Start of GIVEN INFORMATION
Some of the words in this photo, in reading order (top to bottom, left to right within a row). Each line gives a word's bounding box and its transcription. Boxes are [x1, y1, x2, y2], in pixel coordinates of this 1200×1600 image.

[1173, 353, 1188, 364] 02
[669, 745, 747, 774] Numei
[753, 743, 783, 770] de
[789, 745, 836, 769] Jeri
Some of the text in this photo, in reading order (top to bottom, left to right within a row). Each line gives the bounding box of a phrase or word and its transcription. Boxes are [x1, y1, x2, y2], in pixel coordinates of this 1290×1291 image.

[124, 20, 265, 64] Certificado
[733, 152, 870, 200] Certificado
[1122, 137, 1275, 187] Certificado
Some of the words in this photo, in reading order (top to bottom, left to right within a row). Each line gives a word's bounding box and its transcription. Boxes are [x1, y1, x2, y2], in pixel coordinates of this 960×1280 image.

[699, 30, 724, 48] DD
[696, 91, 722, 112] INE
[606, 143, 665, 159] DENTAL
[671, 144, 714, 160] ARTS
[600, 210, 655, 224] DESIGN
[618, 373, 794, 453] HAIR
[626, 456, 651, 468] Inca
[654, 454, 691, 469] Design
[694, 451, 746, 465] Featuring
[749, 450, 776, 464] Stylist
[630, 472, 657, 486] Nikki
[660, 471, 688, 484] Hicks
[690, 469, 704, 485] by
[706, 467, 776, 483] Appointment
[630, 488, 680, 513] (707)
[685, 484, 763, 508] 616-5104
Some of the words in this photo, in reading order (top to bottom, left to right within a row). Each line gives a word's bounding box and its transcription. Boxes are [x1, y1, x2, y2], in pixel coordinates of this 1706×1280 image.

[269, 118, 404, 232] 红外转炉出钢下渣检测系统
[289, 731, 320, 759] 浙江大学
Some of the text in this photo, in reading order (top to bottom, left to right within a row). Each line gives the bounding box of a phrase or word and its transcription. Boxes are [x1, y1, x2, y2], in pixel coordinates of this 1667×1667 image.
End of GIVEN INFORMATION
> _REQUIRED ACTION_:
Set down the records above once more, exactly as they stand.

> _WRITTEN RESPONSE_:
Some of the words in this photo, in reading order (top to bottom, left to right within a row). Each line gives a word's bounding box and its transcription. Boxes are [x1, y1, x2, y2], in pixel coordinates of this 1200×1600 image.

[1173, 353, 1188, 364] 02
[669, 745, 747, 774] Numei
[753, 743, 783, 770] de
[789, 745, 836, 769] Jeri
Some of the text in this photo, in reading order (top to bottom, left to right within a row). Each line gives the bounding box of a phrase or word and its transcription. Boxes are [x1, y1, x2, y2], in pixel coordinates of this 1290×1291 image.

[124, 20, 265, 64] Certificado
[733, 152, 870, 200] Certificado
[1122, 137, 1275, 187] Certificado
Some of the words in this photo, in reading order (top to bottom, left to right within a row). Each line gives a word's bounding box and its transcription. Boxes are [x1, y1, x2, y2], in pixel coordinates of this 960×1280 image.

[699, 30, 724, 48] DD
[696, 91, 722, 112] INE
[606, 143, 665, 159] DENTAL
[671, 144, 714, 160] ARTS
[600, 210, 655, 224] DESIGN
[618, 373, 794, 453] HAIR
[626, 456, 651, 468] Inca
[654, 454, 691, 469] Design
[694, 451, 746, 465] Featuring
[749, 450, 776, 464] Stylist
[630, 472, 657, 486] Nikki
[660, 471, 688, 484] Hicks
[690, 469, 704, 485] by
[706, 467, 776, 483] Appointment
[630, 488, 680, 513] (707)
[685, 484, 763, 508] 616-5104
Some of the words in this photo, in reading order (top to bottom, left to right within a row). Each line gives a word's bounding box and its transcription. Boxes are [x1, y1, x2, y2], in pixel coordinates of this 1706×1280 image.

[269, 118, 404, 232] 红外转炉出钢下渣检测系统
[289, 731, 320, 759] 浙江大学
Some of the text in this photo, in reading order (top to bottom, left to right within a row). Each line gives the bounding box of a phrase or word and its transcription. Boxes are [x1, y1, x2, y2], in pixel coordinates of this 1667×1667 image.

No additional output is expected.